Quality of life and needs of hospitalized schizophrenic patients in the Czech Republic.


OBJECTIVES: The main aim of the study was to investigate the quality of life and the medicinal and social needs of patients hospitalized with schizophrenia in the Czech Republic to uncover potential issues in these areas.

METHODS: Relevant self-evaluating questionnaires (SQUALA for quality of life; CANSAS for medicinal and social needs) were used in a cohort of hospitalized schizophrenic patients undergoing rehabilitation before discharge from the mental hospital.

RESULTS: Two hundred and forty-four patients (women N=115) aged 18-58 years were involved in the study. The quality of life of hospitalized patients with schizophrenia was subjectively assessed as universally worse in comparison with the general Czech population (p<0.05 in most cases; two-sample Student's t-test), but patients were not wholly critical of their own health status and overestimated its quality (arithmetic mean 63.79 in the patients vs the range of 45.5-59.8 as the norm in the general Czech population). Intimate relations, financial matters, treatment of psychotic symptoms, and sexual life were among the most pressing medicinal and social needs in our study subjects.
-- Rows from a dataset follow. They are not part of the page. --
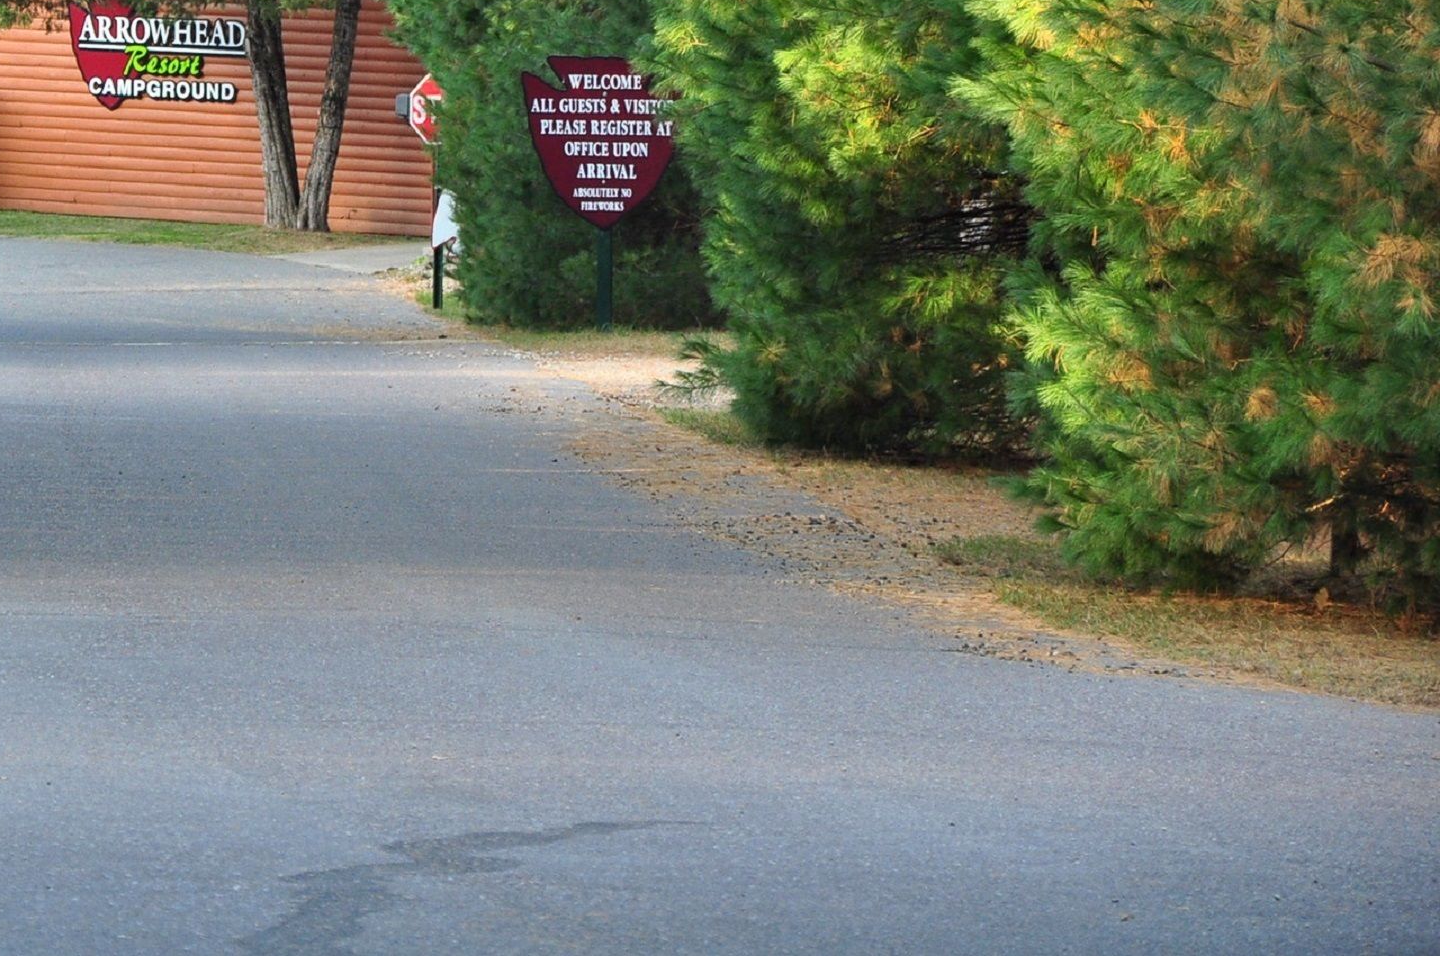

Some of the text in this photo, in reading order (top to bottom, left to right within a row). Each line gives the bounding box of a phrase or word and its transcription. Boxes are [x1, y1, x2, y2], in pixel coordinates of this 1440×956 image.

[78, 15, 246, 48] ARROWHEAD
[123, 45, 201, 76] Resort
[88, 77, 236, 101] CAMPGROUND
[568, 74, 642, 90] WELCOME
[531, 98, 556, 113] ALL
[559, 98, 607, 113] GUESTS
[610, 99, 621, 114] &
[540, 119, 674, 137] PLEASE REGISTER AT
[564, 141, 649, 158] OFFICE UPON
[576, 163, 637, 180] ARRIVAL
[573, 187, 632, 198] ABSOLUTELY NO
[581, 201, 625, 212] FIREWORKS
CONCLUSION: The results of our study should stimulate psychiatric nurses in their effort not only to detect but also address the problems of schizophrenic patients concerning quality of life and unfulfilled needs. This can be done via education, guidance towards a healthy lifestyle, or providing patients with adequate exercise. Overall this issue is of significant importance in the Czech Republic due to the fact that legislative reform of mental health care emphasizing community care and psychiatric nursing has just been implemented.